[Saved entries]
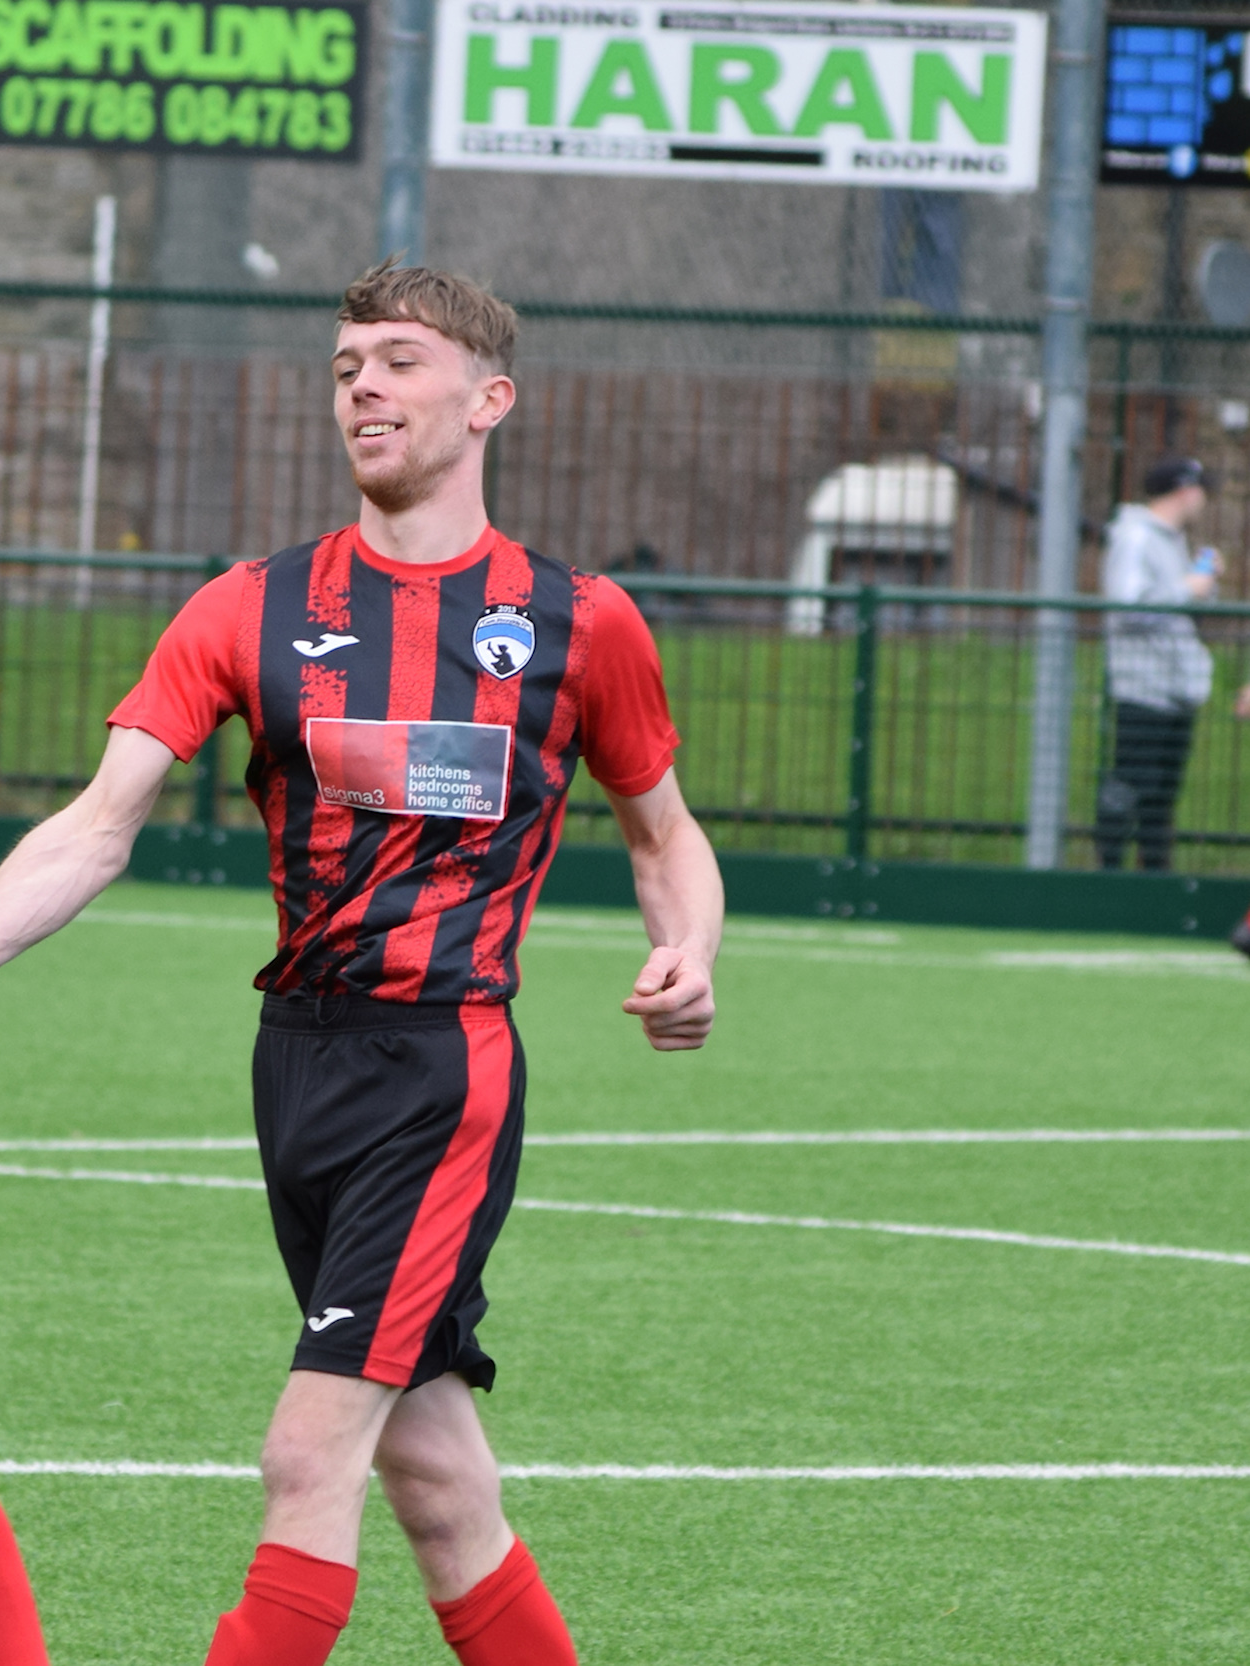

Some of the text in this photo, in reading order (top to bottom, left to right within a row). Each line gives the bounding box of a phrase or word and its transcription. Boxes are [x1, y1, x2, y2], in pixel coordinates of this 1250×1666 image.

[470, 4, 638, 27] CLADDING
[464, 33, 1012, 146] HARAN
[0, 76, 351, 152] 07786 084783
[853, 151, 1008, 174] ROOFING
[409, 764, 471, 781] kitchens
[323, 785, 386, 806] sigma3
[408, 778, 483, 797] bedrooms
[407, 793, 494, 812] home office
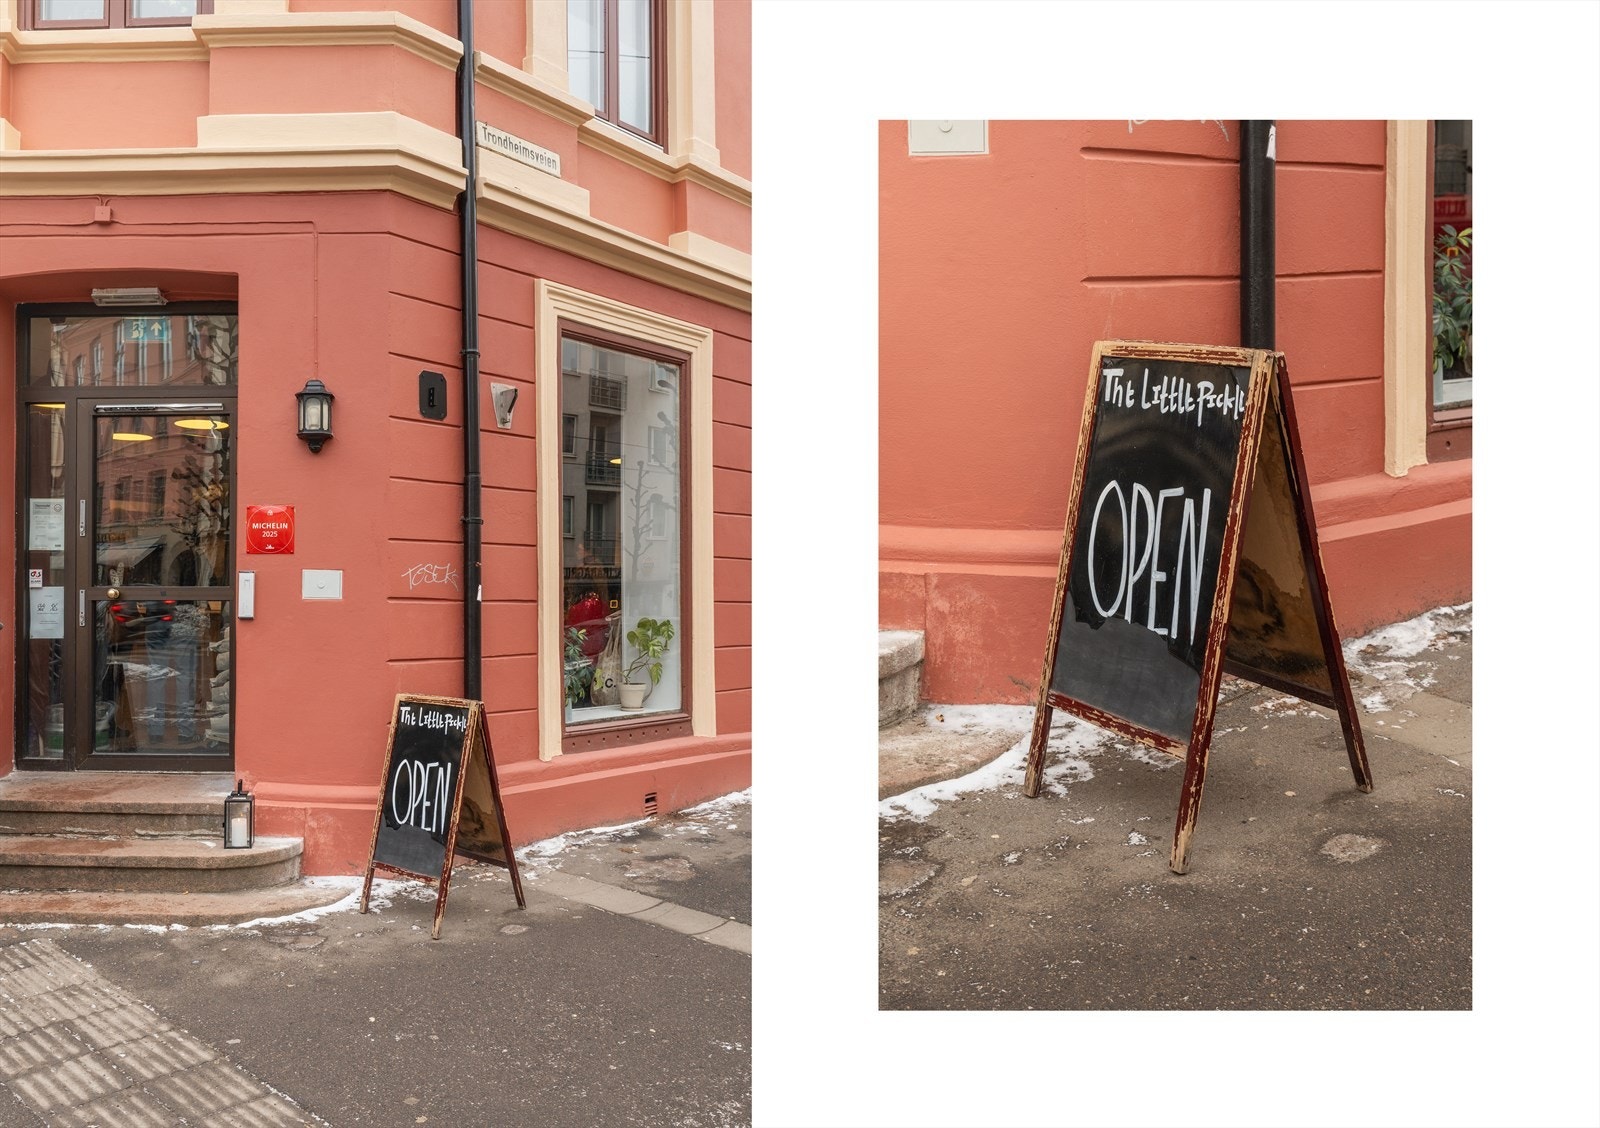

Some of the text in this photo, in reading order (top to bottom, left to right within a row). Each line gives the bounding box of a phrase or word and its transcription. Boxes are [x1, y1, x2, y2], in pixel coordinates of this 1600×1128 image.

[482, 126, 557, 170] Trondheimsveien
[262, 530, 278, 538] 2025
[1087, 479, 1211, 646] OPEN
[392, 758, 452, 835] OPEN
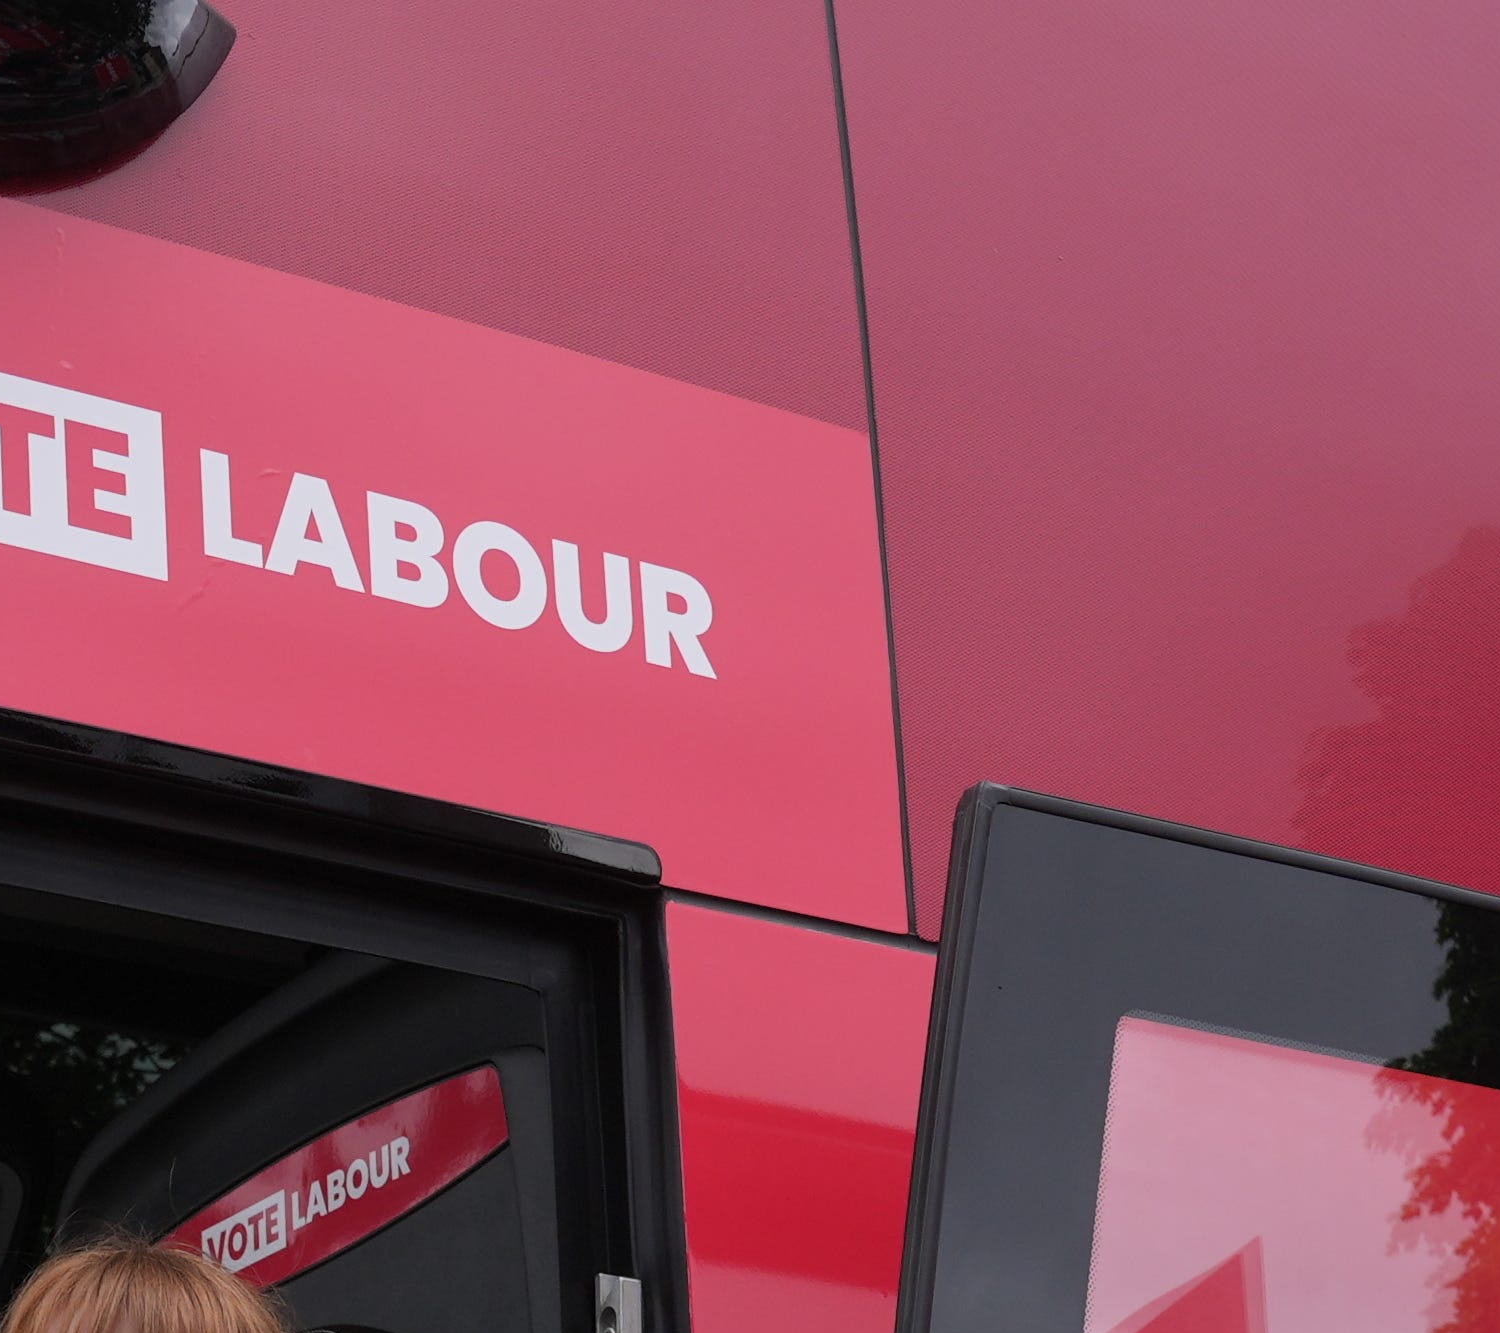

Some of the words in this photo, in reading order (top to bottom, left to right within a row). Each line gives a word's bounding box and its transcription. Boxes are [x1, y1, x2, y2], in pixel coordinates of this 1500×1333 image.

[200, 449, 717, 679] LABOUR
[207, 1203, 279, 1265] VOTE
[291, 1136, 411, 1231] LABOUR

__About this exercise__
Set every record down again verbatim, without pictures.

__Task solution__
Some of the text in this photo, in reading order (top to bottom, left to right within a row). Each line gives the bounding box of a phrase or word and its transcription. Boxes are [x1, y1, x2, y2], in pixel coordinates of this 1250×1666 image.

[470, 4, 638, 27] CLADDING
[464, 33, 1012, 146] HARAN
[0, 76, 351, 152] 07786 084783
[853, 151, 1008, 174] ROOFING
[409, 764, 471, 781] kitchens
[323, 785, 386, 806] sigma3
[408, 778, 483, 797] bedrooms
[407, 793, 494, 812] home office

Some of the text in this photo, in reading order (top to bottom, left to right within a row). Each line gives the bounding box of a phrase or word and its transcription. Boxes are [x1, y1, x2, y2], in pixel coordinates of this 1600×1128 image.

[482, 126, 557, 170] Trondheimsveien
[262, 530, 278, 538] 2025
[1087, 479, 1211, 646] OPEN
[392, 758, 452, 835] OPEN

Some of the words in this photo, in reading order (top to bottom, left to right within a row). Each line gives a word's bounding box and its transcription. Boxes are [x1, y1, x2, y2], in pixel coordinates of this 1500×1333 image.

[200, 449, 717, 679] LABOUR
[207, 1203, 279, 1265] VOTE
[291, 1136, 411, 1231] LABOUR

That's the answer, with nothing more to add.